Poichè il contenuto di questa pena accessoria è quello di interdire l'esercizio di uffici direttivi o di rappresentanza delle persone giuridiche e delle imprese, ne consegue che l'eventuale violazione del divieto, per l'intero periodo di sua applicazione, produce due effetti: sotto il profilo civilistico la nullità degli atti posti comunque in essere, perchè contrari a norme imperative ai sensi dell'art. 1418 c.c., comma 1; sotto il profilo penalistico la commissione del delitto di cui all'art. 389 c.p..

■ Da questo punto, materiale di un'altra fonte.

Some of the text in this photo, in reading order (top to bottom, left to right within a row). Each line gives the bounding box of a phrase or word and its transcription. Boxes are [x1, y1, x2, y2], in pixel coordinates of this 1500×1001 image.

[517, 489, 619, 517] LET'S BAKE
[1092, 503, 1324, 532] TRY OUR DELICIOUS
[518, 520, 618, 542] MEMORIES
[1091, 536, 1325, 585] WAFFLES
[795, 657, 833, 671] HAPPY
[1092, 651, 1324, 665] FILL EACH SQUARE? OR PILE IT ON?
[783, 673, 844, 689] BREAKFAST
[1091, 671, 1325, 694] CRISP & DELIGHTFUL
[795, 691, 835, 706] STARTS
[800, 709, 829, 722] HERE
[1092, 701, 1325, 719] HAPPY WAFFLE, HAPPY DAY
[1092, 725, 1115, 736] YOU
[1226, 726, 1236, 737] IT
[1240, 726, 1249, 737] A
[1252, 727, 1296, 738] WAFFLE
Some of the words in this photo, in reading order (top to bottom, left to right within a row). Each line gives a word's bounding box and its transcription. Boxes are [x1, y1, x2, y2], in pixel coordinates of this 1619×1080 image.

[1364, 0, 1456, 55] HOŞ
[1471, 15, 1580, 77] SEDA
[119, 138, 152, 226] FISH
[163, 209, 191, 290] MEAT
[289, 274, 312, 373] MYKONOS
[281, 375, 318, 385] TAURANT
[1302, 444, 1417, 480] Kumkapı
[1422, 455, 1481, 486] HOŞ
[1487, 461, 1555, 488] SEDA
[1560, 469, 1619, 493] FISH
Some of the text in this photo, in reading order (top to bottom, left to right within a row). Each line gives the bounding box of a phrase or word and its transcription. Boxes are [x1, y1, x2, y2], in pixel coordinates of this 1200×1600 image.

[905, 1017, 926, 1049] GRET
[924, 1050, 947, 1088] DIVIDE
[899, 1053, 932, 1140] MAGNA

3.4. Alla luce di questo quadro costituisce un' interpretazione contra legem, oltre che illegittimamente abrogatrice dell'art. 389 c.p., quella apoditticamente proposta dal Tribunale di Rovereto nella parte in cui stabilisce che la pena accessoria non sia "una pena in senso proprio" così mostrando di non confrontarsi con l'art. 20 c.p. che non solo la denomina pena, ma stabilisce che essa consegua "di diritto alla condanna, come effetti penali di essa", nel senso che non è necessaria un'espressa dichiarazione nella sentenza per la sua applicazione.

Infatti, l'elemento oggettivo dell'art. 389 c.p. è costituito solo dalla trasgressione agli obblighi o ai divieti inerenti alla pena accessoria, intesi come esercizio di attività inibite, il cui rispetto è affidato al condannato.

Inoltre, la sentenza continua nella sua interpretazione abrogatrice lì dove arbitrariamente stabilisce che la sanzione, collegata alla violazione della pena accessoria dell'incapacità di esercitare gli uffici indicati dall'art. 32-bis c.p., sia soltanto l'invalidità civilistica degli atti compiuti dal condannato durante il periodo di interdizione e non anche la sanzione penale prevista dall'art. 389 c.p..

Infine, la pronuncia impugnata, sempre con asserzioni lapidarie e non argomentate, sostiene che l'art. 32-bis c.p. non disponga alcun obbligo o divieto a carico del condannato tanto da rendere inapplicabile l'art. 389 c.p. che fa riferimento ad obblighi e divieti tra i quali ovviamente non può che essere inclusa quella che l'art. 32-bis c.p. definisce "interdizione", lemma che testualmente vuol dire proibizione, divieto.

A ciò si aggiunge, come correttamente sostenuto nella requisitoria del Procuratore generale, che anche l'art. 216, u.c., legge fallimentare prevede la pena accessoria dell'inabilitazione all'esercizio e all'incapacità di esercitare uffici direttivi presso qualsiasi impresa, che ha una natura speciale rispetto alla pena accessoria di cui all'art. 32-bis c.p., ciononostante non si è mai dubitato che la violazione del relativo divieto integri il delitto di cui all'art. 389 c.p. (Sez. 6, n. 9514 del 15/12/2020, dep. 2021, Pieri, Rv.281610, richiamata dal ricorso).

4. Le questioni poste con la memoria dal difensore di A.A. non sono valutabili in quanto richiedono accertamenti di fatto estranei alla sede di legittimità.

5. Per gli argomenti esposti il ricorso deve essere accolto con l'effetto di annullare la sentenza con rinvio per nuovo giudizio al Tribunale di Rovereto, in diversa persona fisica.

P.Q.M.

Annulla la sentenza impugnata con rinvio per nuovo giudizio al Tribunale di Rovereto, in diversa persona fisica.

Conclusione

Così deciso in Roma, il 18 ottobre 2023.